Если патриарх — с помощью своих чужацких органов изучил ее и решил терпеть ее присутствие, то квазичеловек магус балансировал на грани неверия.
— Беженка с далекой планеты, которую мы рады принимать у себя, — сказал он, — расскажи, как ты так ловко начала говорить на языке Сабулорбиша?
Он дотронулся до одной из бабочек, окрашенной в цвета шафрана и бирюзы на своем бугристом лбу, будто глубоко задумался.
— Скрываясь на корабле, крадучись пробираясь по городу — где ты могла учиться? Мне кажется это поразительным. Знание множества языков галактики. Множество миров; множество наречий и диалектов, хмм?

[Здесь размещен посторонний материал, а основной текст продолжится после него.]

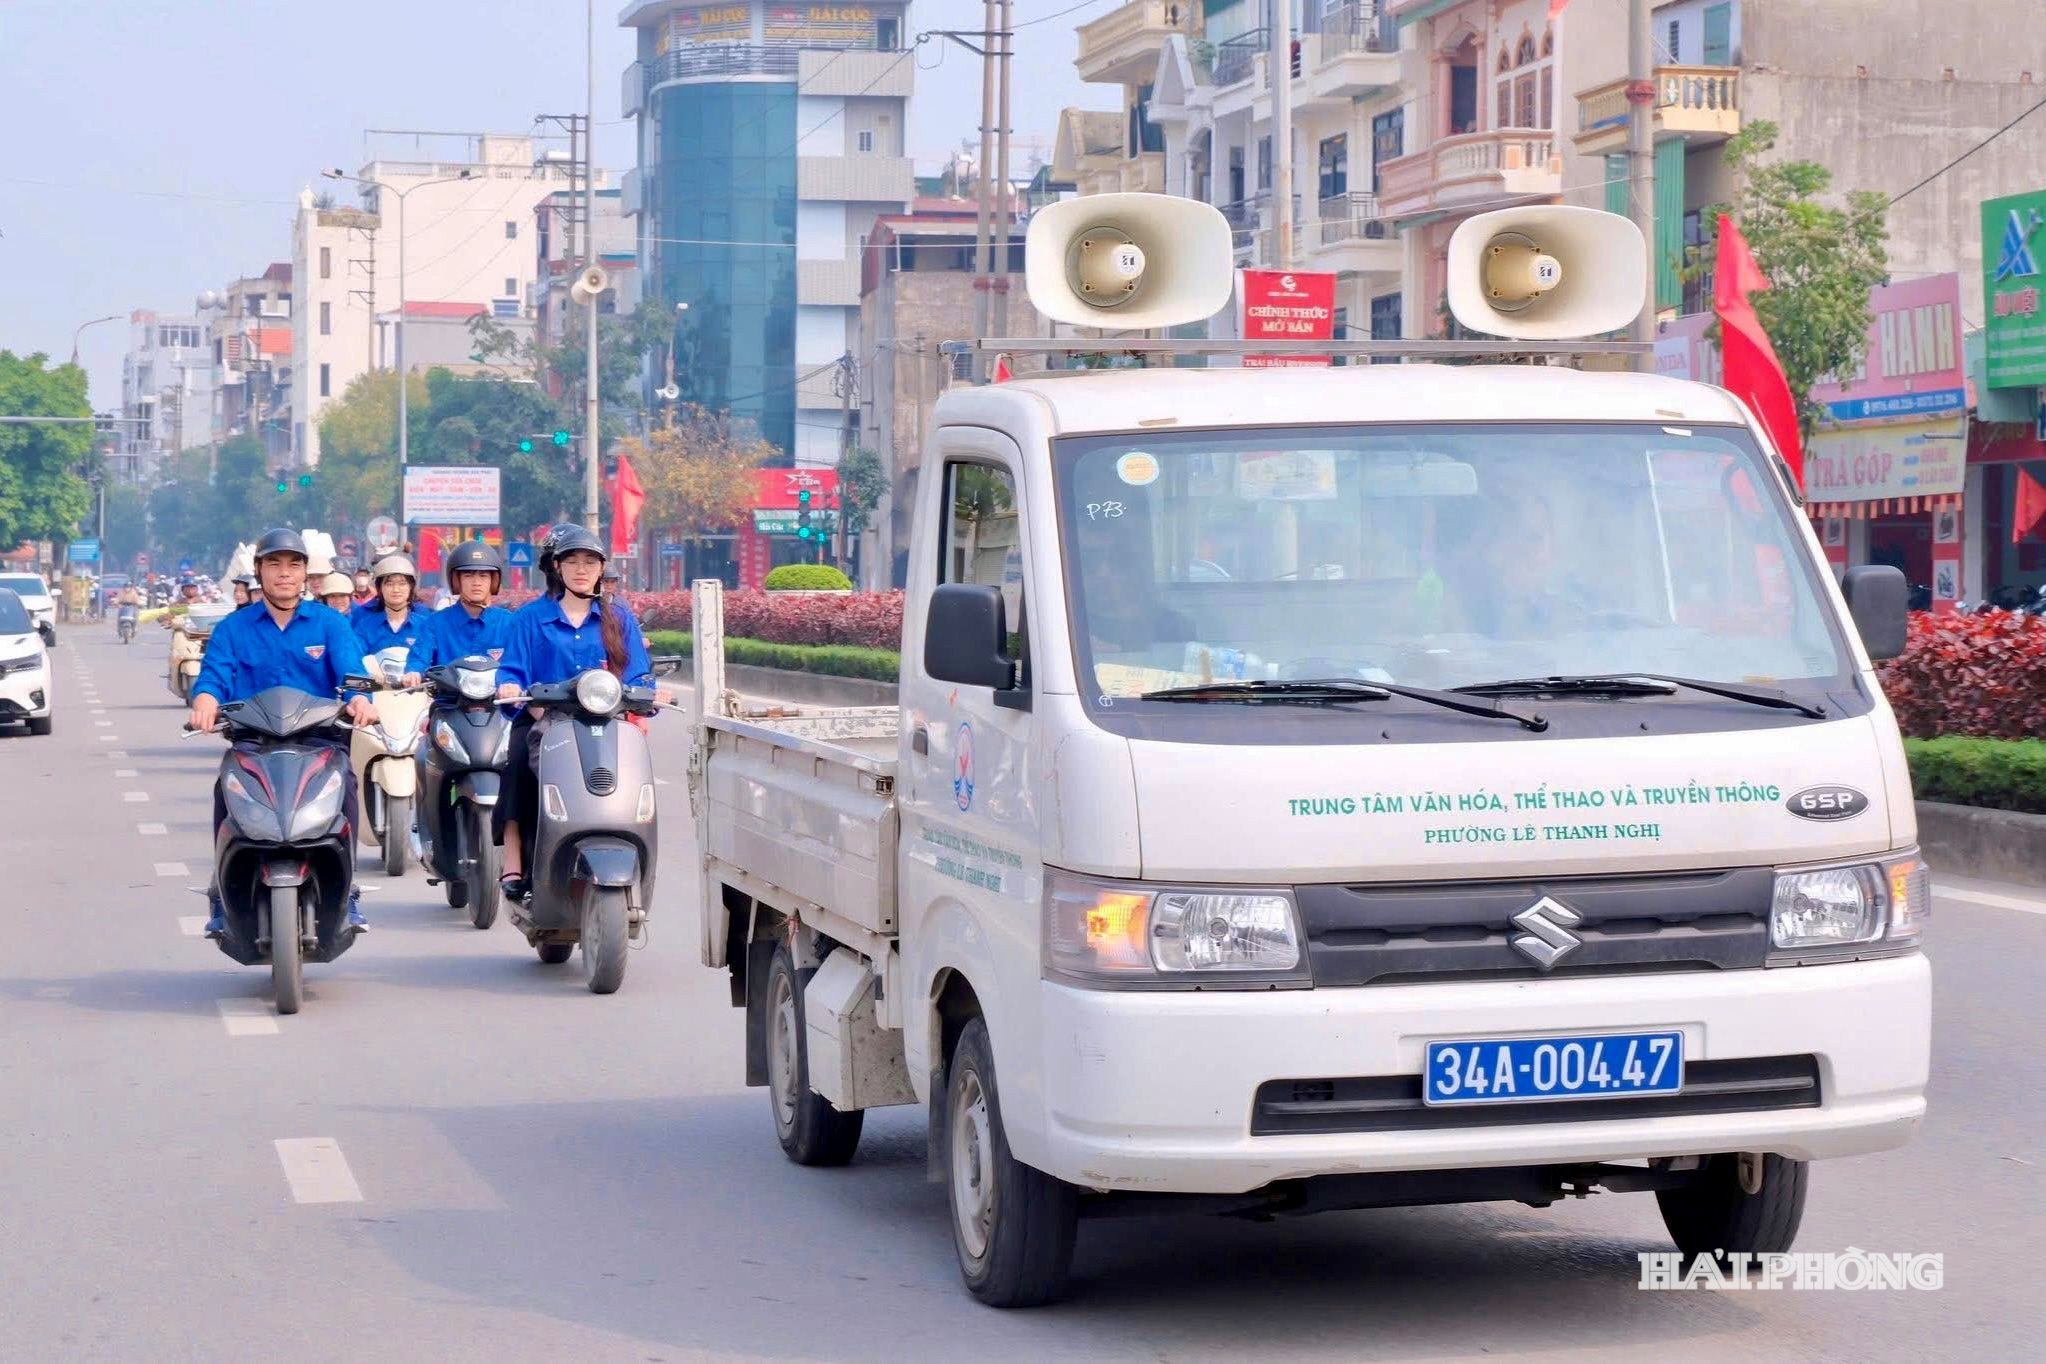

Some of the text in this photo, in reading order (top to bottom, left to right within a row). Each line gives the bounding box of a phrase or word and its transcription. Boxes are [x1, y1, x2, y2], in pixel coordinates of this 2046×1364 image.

Магуса вполне убедило ее тело, прошедшее проверку. Как он мог не поверить телу гибрида, которое видел перед собой. Никак. Тем не менее, он задал вопрос, который она вряд ли могла ожидать от фанатика занимающего место верховного священника какого-то сомнительного провинциального культа посвященного чудесным Императорским обрезкам ногтей.
Вопрос был расчетливым и логичным.
Следовало ли ей изобразить перед кланом генокрадов нечленораздельно мямлющую, неспособную объясниться особь? Бессвязно лопочущую на языке некого другого мира, без всяких объяснений. Мысли МеЛинди неслись галопом.
Она была Каллидус, не так ли?
— Моя мать была Пссситиканкой, — прошипела МеЛинди. — Вы слышали о планете Пссситикуссс? О ее лингво-мимах?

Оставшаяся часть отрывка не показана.